Engel House, on Tel Aviv's Rothschild Boulevard, is undoubtedly one of Zeev Rechter's best-known works. Rechter was a talented and prolific architect and one of the harbingers of Modernism in Israel. However, according to architect Matanya Sack, the public remembers mainly "the building that put Tel Aviv up on pillars," forgetting his varied work in cities, kibbutzim and villages. "At first glance Rechter stands out for the buildings that have been canonized," Sack says, "but I believe he is notable chiefly for his diversity."

Sack, 33, joined fellow architects Dana Mashiach-Gordon, 28, and Kerem Halbrecht, 31, to co-curate "Zeev." The exhibition opened last week in Tel Aviv, in cooperation with the Beit Berl College School of Art.

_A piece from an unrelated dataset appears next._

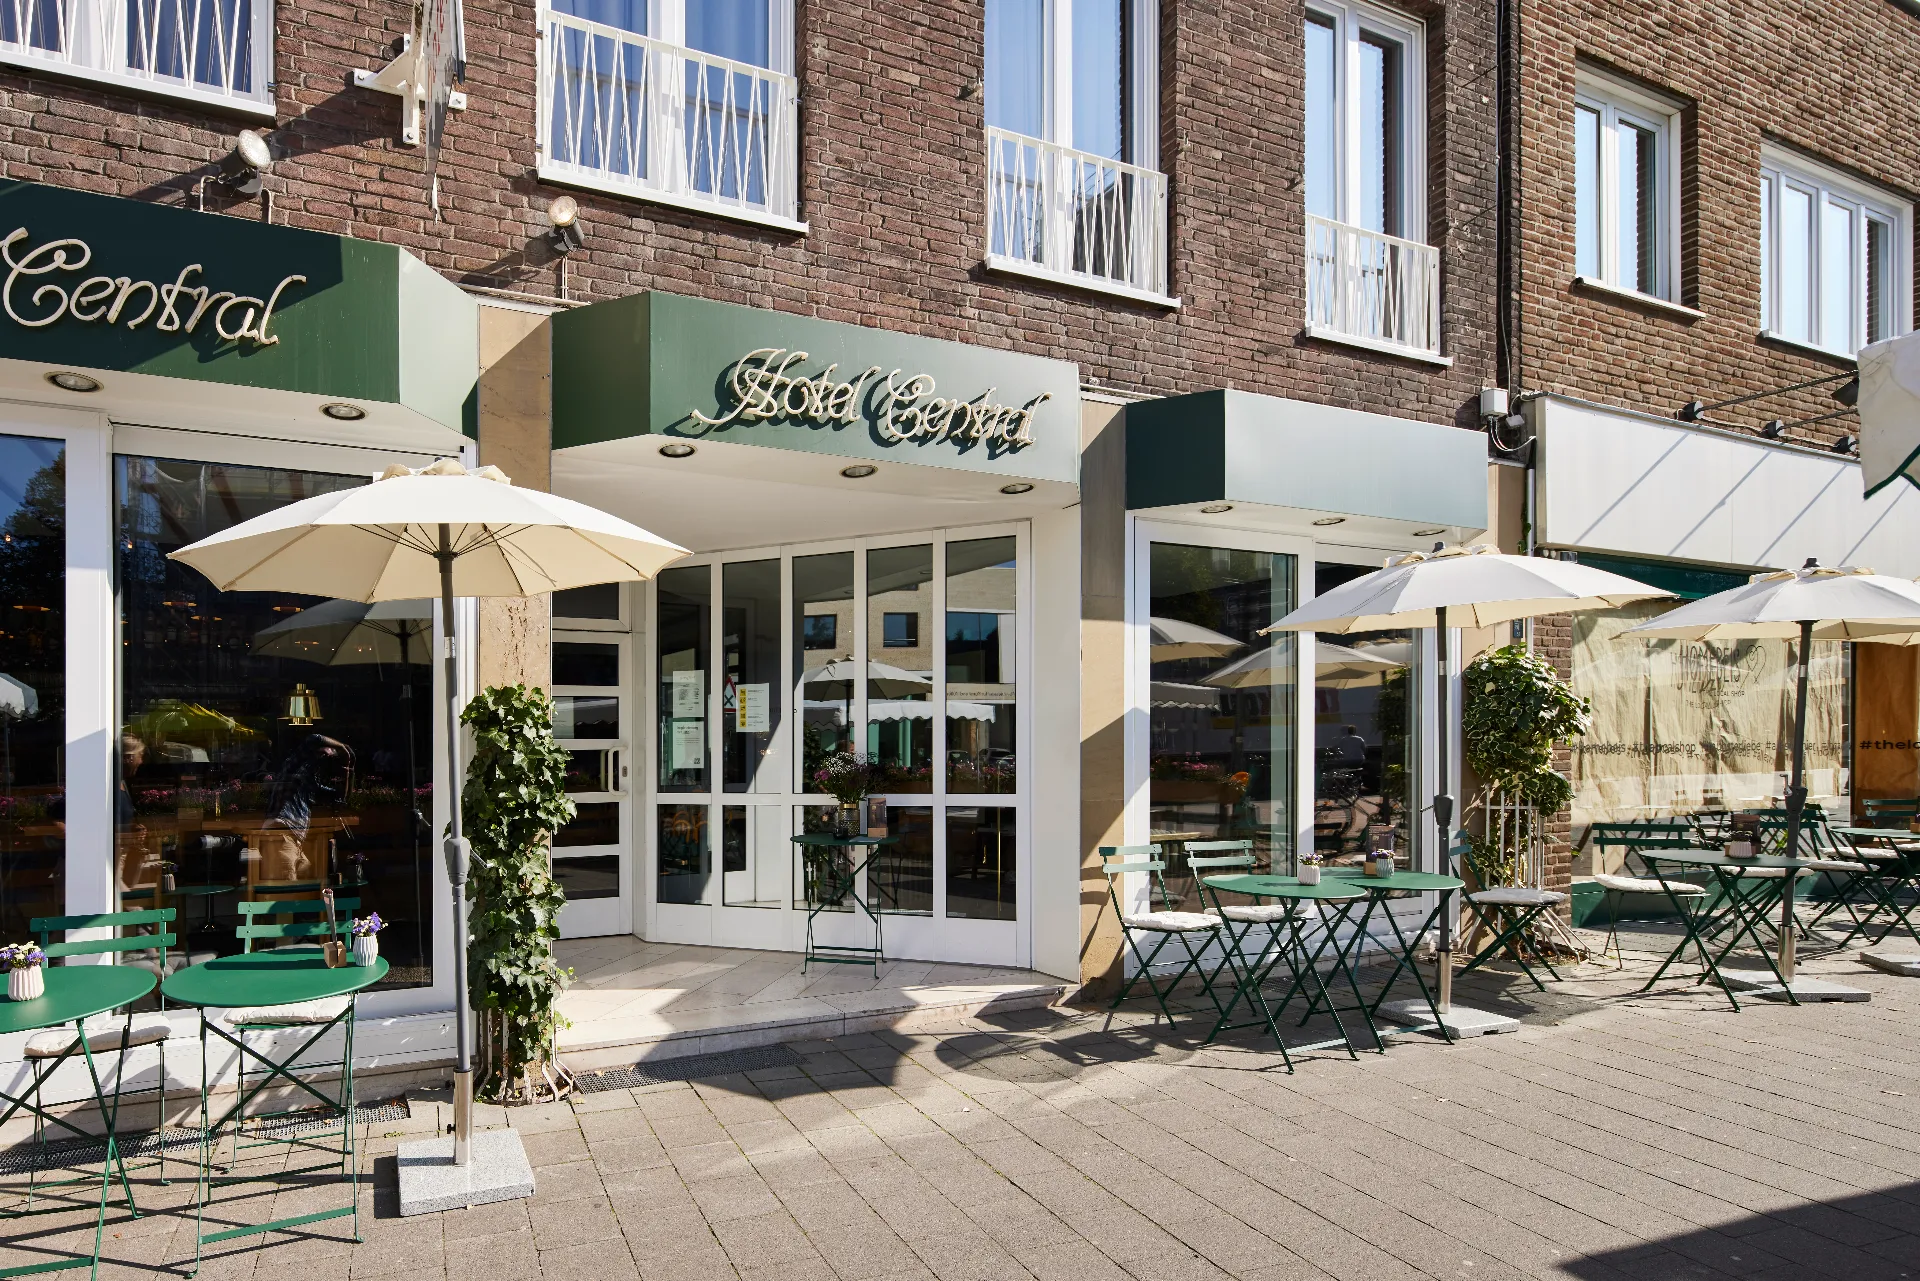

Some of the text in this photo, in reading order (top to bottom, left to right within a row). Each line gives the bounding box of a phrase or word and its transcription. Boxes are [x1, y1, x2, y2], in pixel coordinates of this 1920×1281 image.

It seeks to aims at reveal the diversity of Rechter's works through rare archival materials together with contemporary photographs of selected buildings. The result is a small and pleasant mini-retrospective, a kind of advanced exercise in archive work.

Engel House was indeed a one-off, with its story of columns that was open at both ends, expanding the space of the street and providing the residents with a shady green garden - until it was sealed off with stones. The exhibition shows the building in the perspective of a series of bourgeois residential buildings that Rechter designed in Tel Aviv.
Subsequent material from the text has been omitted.